On the go: The aggregate deficit of the 5,422 defined benefit schemes in the Pension Protection Fund 7800 Index fell by £59bn in August.

This meant the shortfall decreased to £140.5bn at the end of August from £199.5bn at the end of July.

Section 179 liabilities, the level of assets needed to secure PPF-level benefits with an insurer, were 92.6 per cent funded in August, up from 89.9 per cent in the previous month.

By the end of August, the total assets in DB schemes were £1.75tn, while total liabilities stood at £1.9tn. There were 3,506 schemes in deficit and 1,916 schemes in surplus, the PPF stated.

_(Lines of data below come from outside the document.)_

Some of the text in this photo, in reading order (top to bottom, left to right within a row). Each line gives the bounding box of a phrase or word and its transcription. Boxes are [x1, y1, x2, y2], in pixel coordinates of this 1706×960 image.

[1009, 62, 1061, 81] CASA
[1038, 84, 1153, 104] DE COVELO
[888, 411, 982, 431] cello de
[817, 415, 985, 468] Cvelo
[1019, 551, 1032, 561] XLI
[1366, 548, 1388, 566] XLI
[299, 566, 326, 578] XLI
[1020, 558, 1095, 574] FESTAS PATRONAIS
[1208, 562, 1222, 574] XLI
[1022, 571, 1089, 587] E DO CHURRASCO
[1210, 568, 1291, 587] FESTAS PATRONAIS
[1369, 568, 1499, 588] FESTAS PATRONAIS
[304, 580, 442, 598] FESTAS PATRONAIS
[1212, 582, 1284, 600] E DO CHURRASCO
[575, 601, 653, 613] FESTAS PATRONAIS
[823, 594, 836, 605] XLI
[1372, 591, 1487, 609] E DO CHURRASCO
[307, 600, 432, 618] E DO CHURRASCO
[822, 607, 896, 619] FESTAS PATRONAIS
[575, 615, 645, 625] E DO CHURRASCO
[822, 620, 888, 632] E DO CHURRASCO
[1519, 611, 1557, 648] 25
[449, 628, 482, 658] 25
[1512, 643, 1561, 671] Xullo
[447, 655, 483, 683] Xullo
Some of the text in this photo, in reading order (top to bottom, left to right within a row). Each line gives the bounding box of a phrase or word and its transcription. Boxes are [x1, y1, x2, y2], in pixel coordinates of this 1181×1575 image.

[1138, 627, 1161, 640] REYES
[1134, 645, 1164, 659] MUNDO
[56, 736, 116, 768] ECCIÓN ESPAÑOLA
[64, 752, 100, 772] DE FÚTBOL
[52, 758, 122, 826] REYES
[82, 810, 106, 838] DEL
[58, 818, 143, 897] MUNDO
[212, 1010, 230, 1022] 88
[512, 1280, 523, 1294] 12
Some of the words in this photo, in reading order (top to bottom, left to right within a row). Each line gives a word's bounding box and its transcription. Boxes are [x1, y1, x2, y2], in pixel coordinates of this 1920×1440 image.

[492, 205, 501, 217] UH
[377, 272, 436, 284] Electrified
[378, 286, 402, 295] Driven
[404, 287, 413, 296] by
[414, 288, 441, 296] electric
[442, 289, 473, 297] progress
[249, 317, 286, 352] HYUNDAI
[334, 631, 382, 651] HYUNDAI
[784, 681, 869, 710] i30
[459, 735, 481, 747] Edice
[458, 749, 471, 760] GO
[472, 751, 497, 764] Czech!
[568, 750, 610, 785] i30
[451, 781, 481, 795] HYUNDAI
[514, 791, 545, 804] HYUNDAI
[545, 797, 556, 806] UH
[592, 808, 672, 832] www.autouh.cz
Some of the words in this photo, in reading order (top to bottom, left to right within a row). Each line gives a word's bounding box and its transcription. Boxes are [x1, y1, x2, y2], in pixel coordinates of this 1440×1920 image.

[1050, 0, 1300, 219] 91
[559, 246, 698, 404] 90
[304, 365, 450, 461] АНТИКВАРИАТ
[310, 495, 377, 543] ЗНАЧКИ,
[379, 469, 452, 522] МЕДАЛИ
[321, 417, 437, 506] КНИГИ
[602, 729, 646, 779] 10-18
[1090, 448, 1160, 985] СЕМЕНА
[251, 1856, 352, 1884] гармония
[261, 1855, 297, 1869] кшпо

Vishal Makkar, head of retirement consulting at Buck in the UK, noted that despite a fall in the aggregate deficit this month, “caused by a sizeable increase in gilt yields over August, the general economic outlook has continued to worsen”.

He said: “With no definitive roadmap to follow and the UK economy now officially in recession — one of the deepest in Europe — most scheme trustees are very much at the mercy of the financial positions of their sponsors.

“Since the start of the year, Covid-19 has been the main factor driving instability worldwide and in the UK, but ultimately there is nothing that schemes can do about the impact of the virus on the economy,” Mr Makkar continued. 

“Even as the UK continues to ‘open up’, certain sectors remain heavily reliant on government support. All scheme trustees, especially those in sectors affected severely by Covid-19, should be watching closely for any new developments in government policy and ensuring that their planning remains as flexible as possible to deal with these changes.”